5th International Symposium-Workshop on Frugivores and Seed Dispersal (1985-2010)

FSD 2010 - Deer




Robbie the Reindeer and relatives


The diversity of Deer

The cervids include deer and their allies, including familiar moose, elk, and caribou. Member of this family occupy a wide range of habitats, from arctic tundras to tropical forests, and native species of cervids can be found over most of the world except Africa south of the Sahara, Australia, and Antarctica. Cervids range in body size from the very small Andean Pudu (around 10 kg) to the very large moose of North America and Europe (800 kg). They are hunted for sport, for meat, and for their hides. Reindeer are important domestic animals in the far north. Several species have nearly been extirpated. A few others have been introduced far outside their natural ranges, often to the detriment of native species. (Fox and Myers 2001)
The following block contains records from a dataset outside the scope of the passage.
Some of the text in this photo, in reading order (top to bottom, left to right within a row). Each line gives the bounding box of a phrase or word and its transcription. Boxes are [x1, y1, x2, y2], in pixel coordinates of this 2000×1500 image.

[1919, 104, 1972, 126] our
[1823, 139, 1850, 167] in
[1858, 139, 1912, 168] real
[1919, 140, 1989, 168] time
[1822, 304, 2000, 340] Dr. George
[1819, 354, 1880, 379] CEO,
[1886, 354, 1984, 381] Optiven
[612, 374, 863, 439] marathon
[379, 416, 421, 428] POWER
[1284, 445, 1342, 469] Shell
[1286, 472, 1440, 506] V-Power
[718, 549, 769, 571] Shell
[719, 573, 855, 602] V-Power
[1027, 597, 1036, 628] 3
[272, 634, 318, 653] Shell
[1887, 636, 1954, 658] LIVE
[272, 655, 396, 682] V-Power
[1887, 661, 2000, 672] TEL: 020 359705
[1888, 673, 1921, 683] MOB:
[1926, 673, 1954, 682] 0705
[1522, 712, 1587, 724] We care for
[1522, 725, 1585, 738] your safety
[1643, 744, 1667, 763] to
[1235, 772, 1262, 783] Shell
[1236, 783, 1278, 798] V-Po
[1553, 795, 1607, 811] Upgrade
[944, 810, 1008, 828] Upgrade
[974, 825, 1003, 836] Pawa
Cervids have a four chambered stomach. They ruminate ("chew their cud") and use bacterial fermentation to help digest their food. Most species are browsers, but some include a substantial proportion of graze in their diets. Nonetheless, in the tropics, diet of rainforest deer comprises a large proportion of fallen fruit gathered on the ground when arboreal frugivores forage . In neotropical forest, Gayot et al. (2004) analysed the diets of the two Amazonian brocket deer (the red brocket Mazama americana - below - and the grey brocket M. gouazoubira). They are mainly frugivore-granivores, even during the annual period of fruit scarcity, and both rely heavily on fruits and seeds, but overcome the fall in fruit availability by eating significant quantities of fibres, leaves and flowers, particularly the red brocket.
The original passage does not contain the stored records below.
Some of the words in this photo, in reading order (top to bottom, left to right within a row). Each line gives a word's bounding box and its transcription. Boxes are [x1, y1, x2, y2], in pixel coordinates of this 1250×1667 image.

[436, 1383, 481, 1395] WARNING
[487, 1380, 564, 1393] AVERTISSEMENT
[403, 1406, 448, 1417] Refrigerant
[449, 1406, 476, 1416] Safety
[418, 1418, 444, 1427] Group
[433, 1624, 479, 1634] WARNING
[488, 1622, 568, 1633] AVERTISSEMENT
(Photo top : Chital feeding on Ziziphus xylopyrus fruits. © Soumya Prasad)


Malo and Suárez (1995) analyses seed dispersal by fallow deer (Dama dama) and red deer (Cervus elaphus) in a Mediterranean dehesa (open woodland used for hunting and ranching) during the seeding season, and observed that herbivores disperse many seeds (spring averages are 6–15 seeds per gram of dry dung and maxima of 25–70) from a large number of species (totals between 52 and 78). Mouissie et al. (2005) observed that 24 out of 25 seeds survived ingestion and defecation by captive Fallow Deer, and that the ecological correlates of seed survival (e.g. seed mass × variance of seed dimensions) can help to estimate the ability of plant species to disperse seeds over long distances (see also Pakeman and Small 2009).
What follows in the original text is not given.